(Exercise): Print the listing below exactly, minus its pictures.

(Data for this exercise):
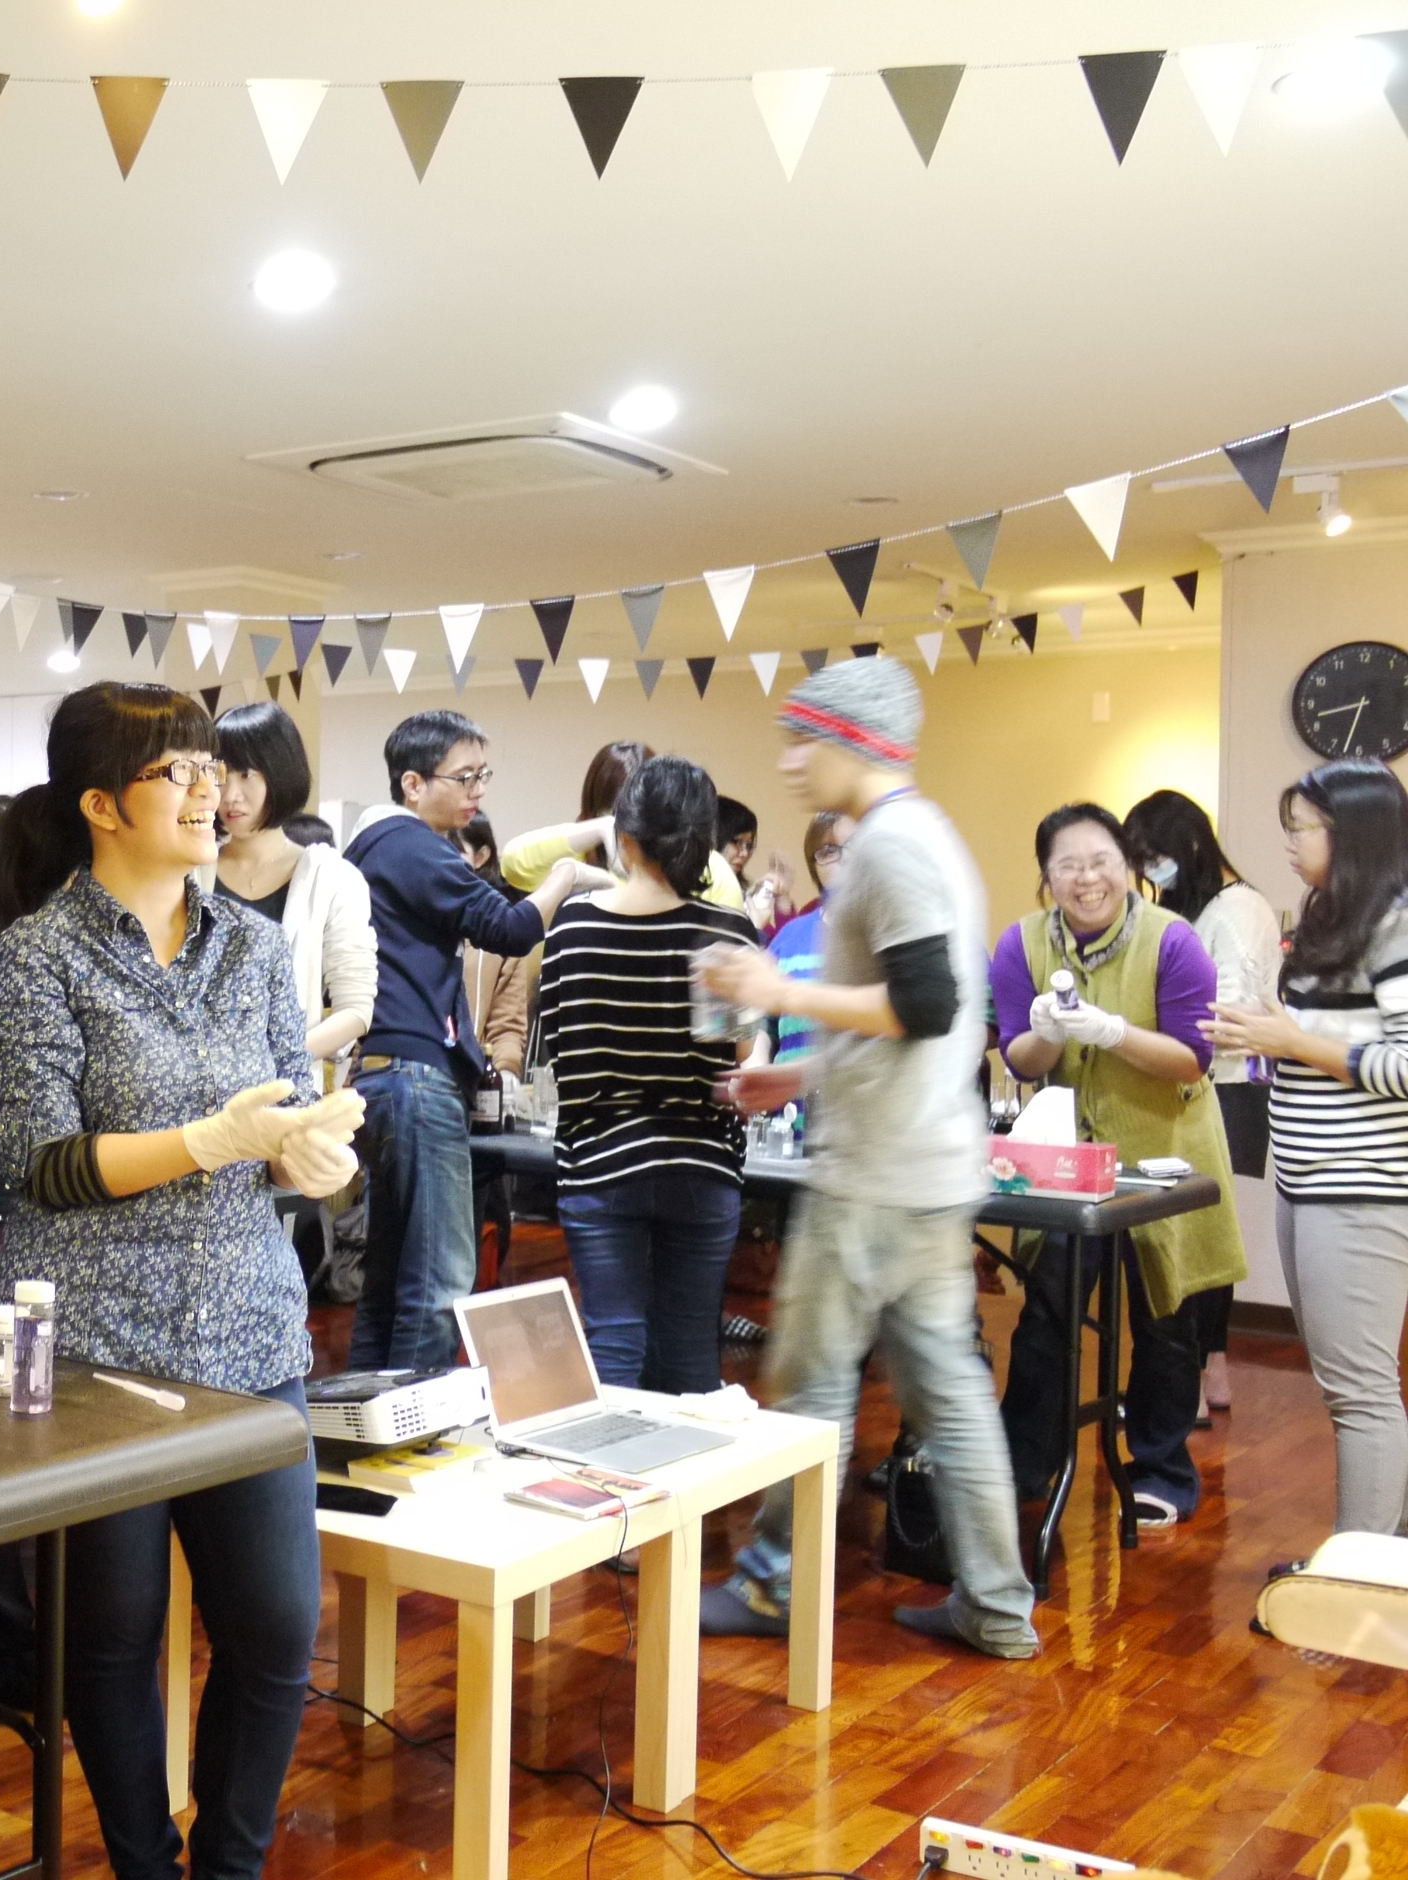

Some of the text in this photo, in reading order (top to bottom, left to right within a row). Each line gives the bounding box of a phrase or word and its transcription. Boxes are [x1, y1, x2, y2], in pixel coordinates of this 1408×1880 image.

[1360, 652, 1370, 663] 12
[1334, 660, 1344, 670] 11
[1316, 676, 1326, 687] 10
[1307, 700, 1314, 710] 9
[1313, 721, 1320, 732] 8
[1331, 738, 1338, 748] 7
[1382, 738, 1389, 749] 5
[1355, 745, 1363, 756] 6

(Answer space):
Some of the text in this photo, in reading order (top to bottom, left to right within a row). Each line gives the bounding box of a phrase or word and its transcription. Boxes are [x1, y1, x2, y2], in pixel coordinates of this 1408×1880 image.

[1360, 652, 1370, 663] 12
[1334, 660, 1344, 670] 11
[1316, 676, 1326, 687] 10
[1307, 700, 1314, 710] 9
[1313, 721, 1320, 732] 8
[1331, 738, 1338, 748] 7
[1382, 738, 1389, 749] 5
[1355, 745, 1363, 756] 6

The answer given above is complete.